Thursday, April 14, 2011

A Review of George MacDonald’s Phantastes: A Faerie Romance for Men and Women


Warning: Some spoilers ahead


Advancing a claim that something is the “first” anything is daring a slippery slope, but saying a book is the “first fantasy” is rather like taking a leap onto a Slip and Slide greased with the gelatin exudate of Cthulhu. George MacDonald’s Phantastes: A Faerie Romance for Men and Women (1858) could be the first fantasy story … but then, what about Shakespeare’s The Tempest, or Edmund Spencer’s The Faerie Queene, or the Epic of Gilgamesh, or … you get the picture. I happen to agree with Black Gate's Matthew David Surridge that Phantastes is likely not the first pure fantasy novel, for the fact that, although it involves another world, it “never quite [leaves] the real world behind.” It’s the stuff of dreams, with a clear path back to earth.


Regardless, Phantastes is without question one of the cornerstones of the genre, and stands poised at the cusp of early works containing fantastic elements, to those that feature fully developed, independent secondary worlds.


To read the rest of this post, visit The Black Gate website.

4 comments:

Lagomorph Rex said...

I rather enjoyed that, I've enjoyed most of Macdonald's stuff that I've read. Certainly more than Eddison or Morris anyway..

Kent said...

Another great review. I have a hardback copy of 'A Treasury of Fantasy' in the post! There seem to be some more rare gems in that book too.

Brian Murphy said...

Lagomorph: I enjoyed it too, though I would put The Worm Ouroboros above Phantastes.
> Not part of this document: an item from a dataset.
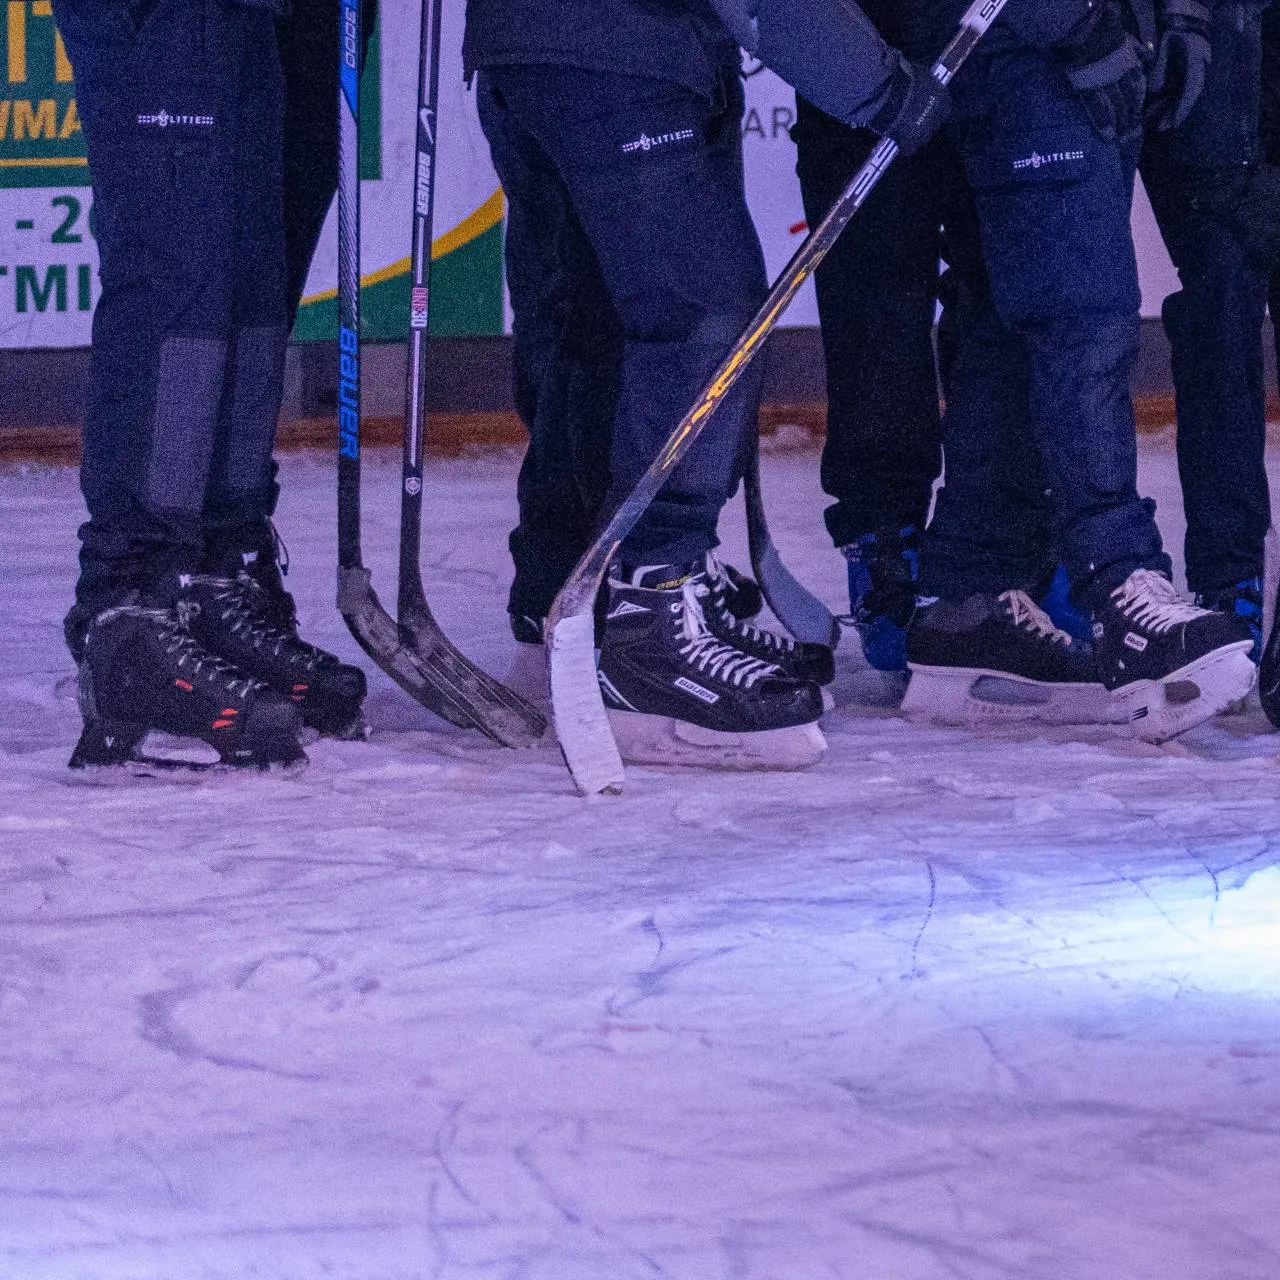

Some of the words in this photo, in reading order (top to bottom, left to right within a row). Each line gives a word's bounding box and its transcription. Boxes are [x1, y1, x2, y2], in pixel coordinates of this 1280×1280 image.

[417, 151, 431, 216] BAUER
[340, 327, 358, 459] BAUER
[679, 679, 714, 701] BAUER
Kent: It is an interesting book...I would not have expected to find Phantastes and The Wood Beyond the World sharing space with Swords of the Purple Kingdom and The Doom That Came to Sarnath.

Lagomorph Rex said...

I found that after all the strife and death in Worm, the miserable demons simply were so cut up about not having anyone to bash they willed the Witch lords back into existence..

I don't normally care for the Marxist view of history.. but I think I'd have liked to have seen some peasants chase them all into the sea at the end..

I prefer Dunsany to all of them.

After you've read the Princess and the Goblin, you should get hold of the Animated adaption. It features the voice of Joss Ackland as the villian.. and is not all that bad..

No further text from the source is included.